CNN is poised to finish March third in the prime-time weeknight ratings behind Fox News Channel and MSNBC, the first time this has ever happened for the channel that pioneered the cable news genre nearly three decades ago.
CNN says its overall business is healthy and it is not straying from its straight news path. But it is suffering more audience erosion than its rivals since the peak days of the presidential election, further proof that the opinionated prime-time shows on Fox and MSNBC have greater audience loyalty.
CNN's weekday prime-time ratings are relatively flat compared to last year during the primary campaign, up 1 percent from March 2008, according to Nielsen Media Research. Fox's ratings have jumped 30 percent and MSNBC, the new No. 2, is up 24 percent. The biggest growth in cable news is for CNN's partner, HLN, formerly Headline News, which is up 62 percent.
Fox remains on a mountain above its two closest competitors, with its prime-time audience in March more than that of MSNBC and CNN combined. "The O'Reilly Factor" has done particularly well, keeping more of its postelection audience than anything else on CNN and MSNBC.
Through Wednesday, Fox was averaging 2.73 million prime-time viewers in March. MSNBC had 1.16 million and CNN had 1.14 million. The March ratings period ends Friday, and it's doubtful CNN will be able to overcome MSNBC.

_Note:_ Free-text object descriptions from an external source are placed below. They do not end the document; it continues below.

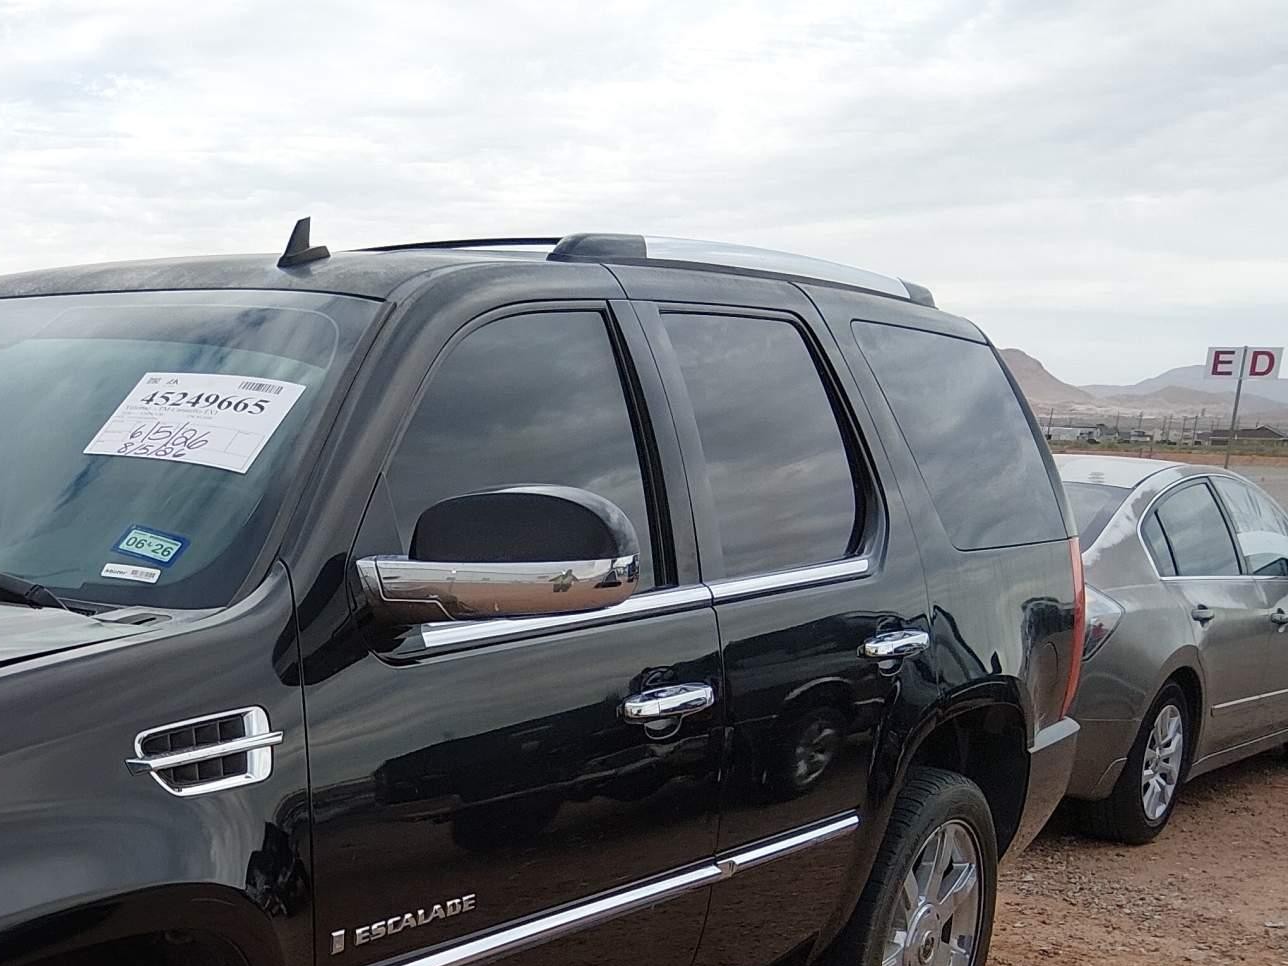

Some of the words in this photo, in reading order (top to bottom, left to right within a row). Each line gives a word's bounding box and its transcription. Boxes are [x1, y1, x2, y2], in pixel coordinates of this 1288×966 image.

[1211, 350, 1236, 376] E
[1249, 350, 1276, 377] D
[140, 390, 272, 416] 45249665
[125, 536, 148, 549] 06
[151, 543, 174, 557] 26
[355, 893, 477, 946] ESCALADE

"The fact that one network may have eked out a slight edge in one small slice of the overall business really doesn't say much of anything," Jon Klein, CNN U.S. president, said on Friday. "It's more clear than ever, given the way that our competitors have positioned themselves, that CNN has positioned itself as the real news network."
Relying on news, rather than opinion, leaves CNN more susceptible to higher ratings peaks during big stories and lower valleys in routine times. Yet it's hard to consider the present - new president, economic turmoil and two wars - a slow news period.
CNN's ratings news "is very significant," said Frank Sesno, a former CNN Washington bureau chief and now a professor at George Washington University. "This is a big problem."
More significant is what CNN's ratings problems mean coupled with the daily drumbeat of layoffs in the newspaper industry, he said. With people more interested in hearing things through an ideological prism as a form of entertainment, it diminishes the value of independent voices giving straight news.
"It's getting harder to do real journalism on television," Sesno said. "This is `man the ideological barricades.'"
Fox is ready to start a new venture Monday, "The Fox Nation," which it bills as an online community that believes in "your right to express your views, your values, your voice." Fox representatives would not immediately return a call for comment.
The most problematic part of CNN's prime-time schedule is Campbell Brown's 8 p.m. show, up against O'Reilly and MSNBC's Keith Olbermann. Brown's audience is smaller than any prime-time show on the three networks, and beneath Nancy Grace's crime hour on Headline News.
Brown leaves for a six-to-eight week maternity leave following Friday's show, and will be replaced temporarily by Roland Martin. Klein said Brown's show isn't in any danger, noting that it took years for Olbermann and O'Reilly to build their audiences and Brown has been in her job for a year.
There's been no talk of moving Grace to CNN, he said. Having Grace's crime-oriented show on Headline News allows CNN to keep its focus on being a news network, he said.
MSNBC's Rachel Maddow is a close third to Larry King, and both are beaten handily by Sean Hannity's new Fox solo show. At the 10 p.m. hour, a rerun of the show Olbermann did two hours earlier has been doing surprisingly well against CNN's "Anderson Cooper 360," leading MSNBC to at least temporarily put on hold any development of a new live show then.
MSNBC chief executive Phil Griffin said the prime-time ratings are an affirmation of the network's decision to go liberal with Olbermann and Maddow. But he also said it pointed to problems at his rival.
"They've got the best brand in news," he said. "CNN, that's better than anybody. But you've got to deliver on that - and they're not. It's a hollow promise."
He compared CNN to ESPN, which started at the same time, saying that, while ESPN has evolved aggressively and remained the leader in sports, CNN hasn't. Their evening lineup of Lou Dobbs, Brown, King and Cooper lacks any consistency or flow, he said.
"What do they stand for?" he said. "That's their biggest challenge. CNN ain't what it used to be, and that has given us an opening because we stand for something and they don't."
Klein dismissed Griffin, noting CNN is beating MSNBC handily when the full day - not just prime-time - is taken into account. He said that for March and the year's first three months, it was CNN's best showing since 2003, when the Iraq War started.
CNN continues to have a greater reach and reputation than its rivals across all platforms, he said. When you measure viewership across the full day - not just prime time - CNN has a comfortable lead over MSNBC.
"When you have other so-called news networks ceding the field of journalism, we are happy to fill that void," Klein said. "It's working for us."